Went to the Ancient Egypt,Greece and Rome exhibit at the Glenbow Museum on Friday afternoon. It was very good although I was a little miffed reading a museum display promising that Greece was replaced by an “even greater” empire: Rome. Im not sure exactly how to measure an empire but I’d put Greece up against Rome by virtually every measure that is virtuous. Of note to House of Leaves mavens was some wonderful Minoan bowls with the labyrinth pattern proudly embossed. Its very spellbinding to be in the presence of things that are made by human hands nearly 4 thousand years ago.
And speaking of, there was a case of burial statues called shabti. These were carvings of workers you would need to help you in the afterlife. It was very sophisticated and it seemed as though every aspect of organizational behavior was thought of as there were even shabti to organize shabti. Presumably so they don’t goof off in your afterlife. As I peered through the glass thinking about how I would pull off a spectacular cat burglary of the place to a Chemical Brothers soundtrack when it struck me how similar this was to Second Life.
Indeed, everyone on secondlife is creating avatars (not unlike the mummy masks) creating imaginary jobs and goals and entire virtual lives. It seems that the Egyptians were doing the same thing by burying with them the same undigital trappings of the secondlife community. Though the tools have changed, little else has changed in the hearts of men for thousands of years.
Speaking of change, I’ve been enjoying the New Jersey court defense of gay marriage. Of course it has social conservatives explaining the ills of “activist judges.” Even the president has used this favorite catch phrase of the right. Lets us forget for a moment that this is really just a synonym for “I disagree with” Part of the rhetoric is that judges are appointed and therefore essentially undemocratic. I guess this doesn’t apply to Donald Rumsfeld, Rice, et al? Rumsfeld’s acerbic disdain for nearly everyone would assure him of never reaching office if he had to secure the will of voters. Why do we not hear of “activist defense secretaries?” Many Canadians envy the Americans ability to actually vote for their leader (presumably they envy the few who bother turning out to vote for the president) but at least every one in the Canadian cabinet had to face the fickle mob of at least a constituency.

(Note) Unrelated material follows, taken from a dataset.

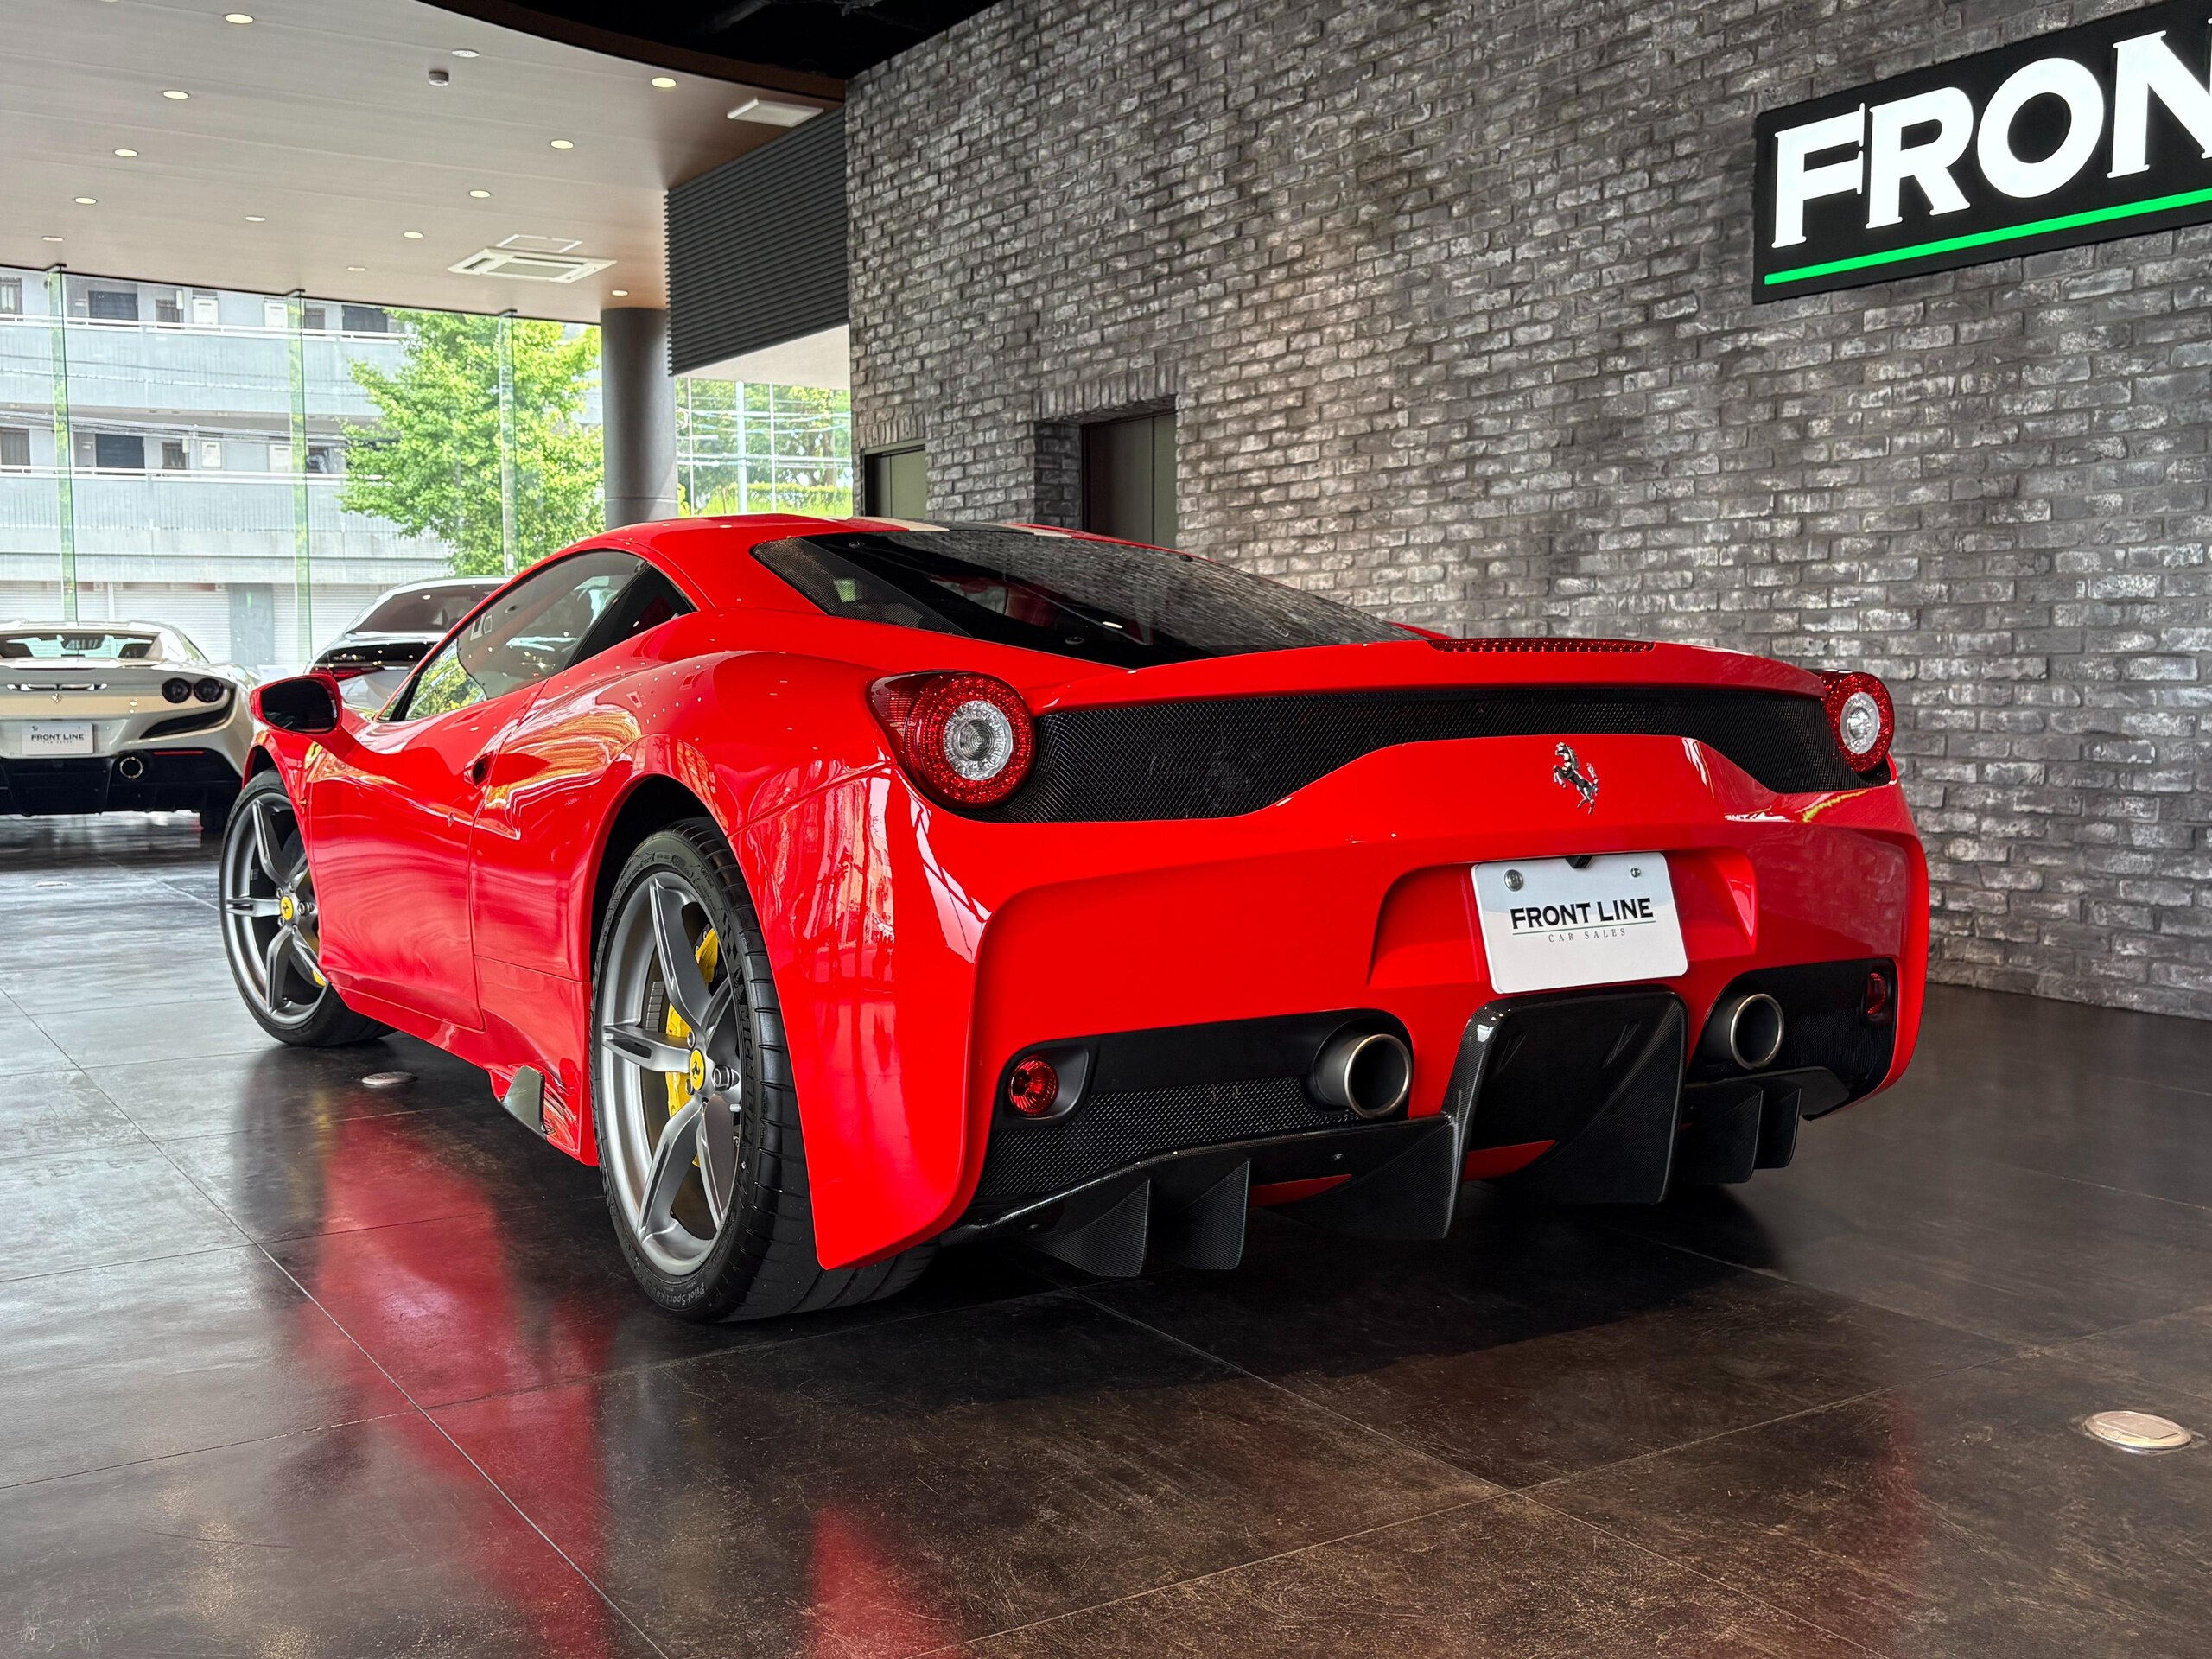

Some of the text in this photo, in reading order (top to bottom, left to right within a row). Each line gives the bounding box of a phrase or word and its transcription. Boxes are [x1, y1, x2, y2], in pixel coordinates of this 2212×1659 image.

But back to my point, its curious that in all the whoopla of how great American Democracy is( I learned that on CNN,) everyone on the social right doesn’t question the content of the decision- they question the institution of the supreme court itself. The American social conservatives share this skepticism of its institutions with the least stable of democracies in the world. When democracy and democratic institutions are not yet habitual in emerging or crumbling democracies, people don’t question policy or decisions but the very institutions themselves. Witness common reactions around the world that chose to throw out elected regimes because they don’t like them. In stable democracies, people at least separate unpopular policy from the institutions. Its true, stable countries like Canada have been tinkering with our institutions but not because of unpopular decisions, rather to make the country more equitable. Questioning the independence of the courts (perhaps one of the most important metrics in the assessment of a healthy democracy) is just another in a series of disturbing trends in America in the Bush era.